Les salaires des aides-soignants à domicile (ASD) et des infirmières auxiliaires certifiées (IAC) ont connu une progression plus marquée en 2025 qu’en 2024, contribuant à une stabilisation de l’emploi dans ce secteur en tension. Cette amélioration des rémunérations, combinée à des primes à l’embauche plus attractives, permet aux agences de réduire le taux de rotation du personnel, un défi majeur pour la continuité des soins.

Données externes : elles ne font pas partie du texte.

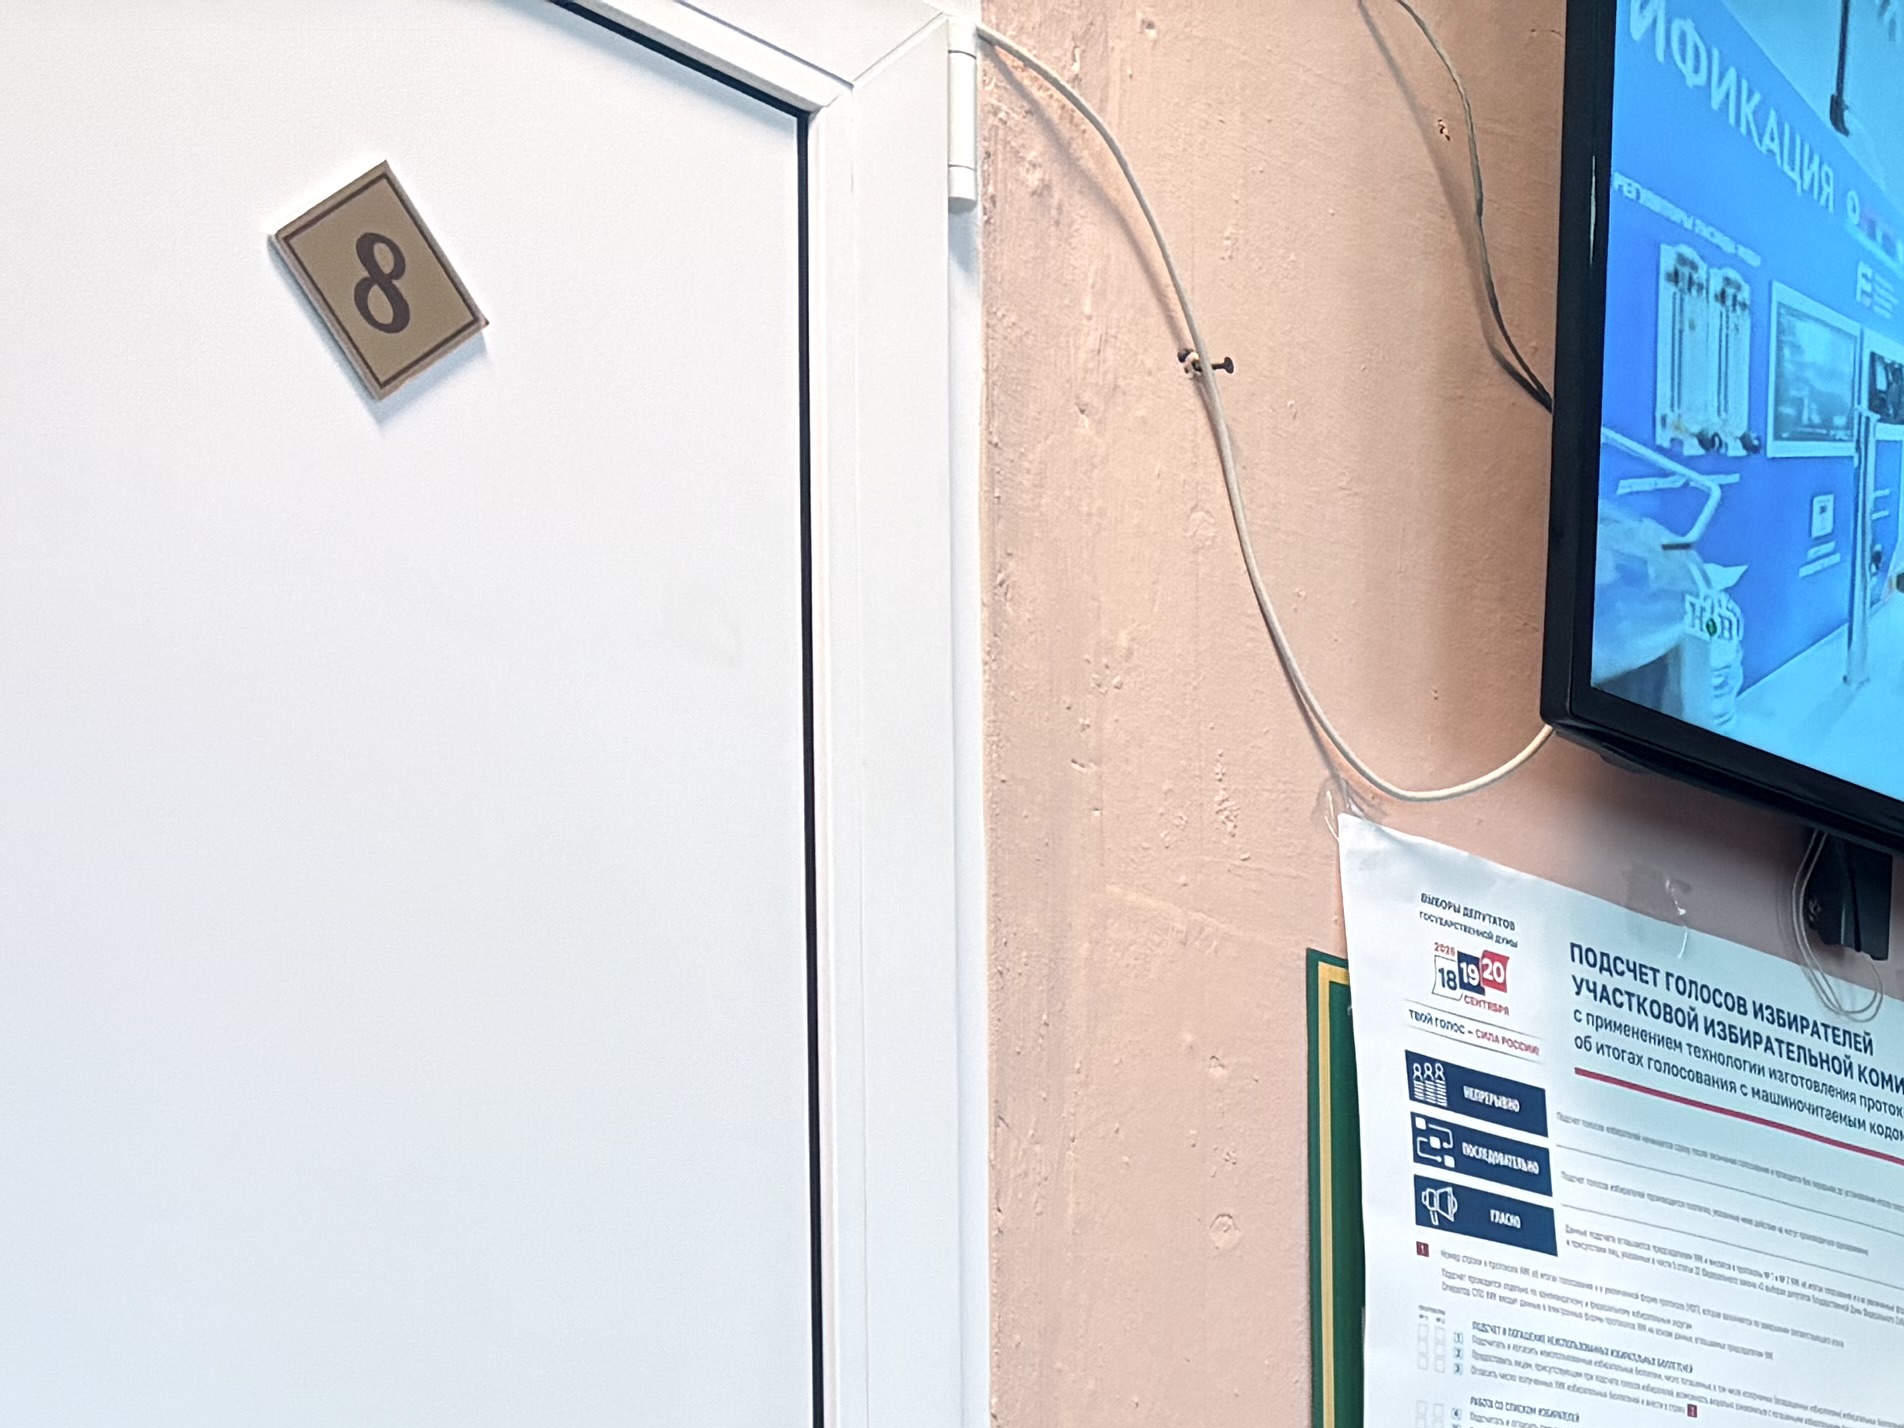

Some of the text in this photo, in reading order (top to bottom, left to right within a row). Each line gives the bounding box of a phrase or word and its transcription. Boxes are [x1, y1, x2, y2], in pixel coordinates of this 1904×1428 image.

[354, 232, 411, 334] 8
[1438, 957, 1504, 990] 18 19 20
[1570, 942, 1873, 1056] ПОДСЧЕТ ГОЛОСОВ ИЗБИРАТЕЛЕЙ
[1572, 974, 1698, 1033] УЧАСТКОВОЙ
[1705, 1018, 1853, 1078] ИЗБИРАТЕЛЬНОЙ
[1574, 1010, 1583, 1023] с
[1587, 1015, 1682, 1052] применением
[1686, 1043, 1765, 1077] технологии
[1769, 1066, 1856, 1105] изготовления
[1575, 1035, 1591, 1053] об
[1597, 1044, 1643, 1068] итогах
[1647, 1059, 1737, 1095] голосования
[1741, 1085, 1748, 1097] с
[1751, 1088, 1865, 1130] машиночитаемым

Selon un rapport publié vendredi par le Hospital & Healthcare Compensation Service (HCS), le taux horaire moyen national pour les ASD et les IAC a augmenté de 4,93 % en 2025, contre 4,86 % l’année précédente. Les primes de connexion pour les ASD ont également progressé, passant de 2 129 $ (environ 1 900 €) en 2024 à 2 304 $ (environ 2 150 €) en 2025.
L’enquête du HCS, menée auprès de plus de 1 100 agences et portant sur les données de plus de 52 200 employés à travers les États-Unis, révèle que plus de 36 % des agences interrogées ont constaté une diminution de leur taux de rotation au cours de l’année écoulée, tandis que moins de 21 % ont signalé une augmentation. Le taux de rotation des ASD est ainsi passé de 36,31 % en 2024 à 34,17 % en 2025.
Les disparités salariales persistent toutefois selon les États. Les travailleurs de l’Oklahoma et de l’Alabama ont perçu respectivement un taux horaire moyen de 16,52 $ (environ 15 €) et 17,37 $ (environ 16 €), tandis que ceux du Massachusetts et du New Hampshire ont bénéficié des rémunérations les plus élevées, à 23,00 $ (environ 21 €) et 23,55 $ (environ 22 €) de l’heure.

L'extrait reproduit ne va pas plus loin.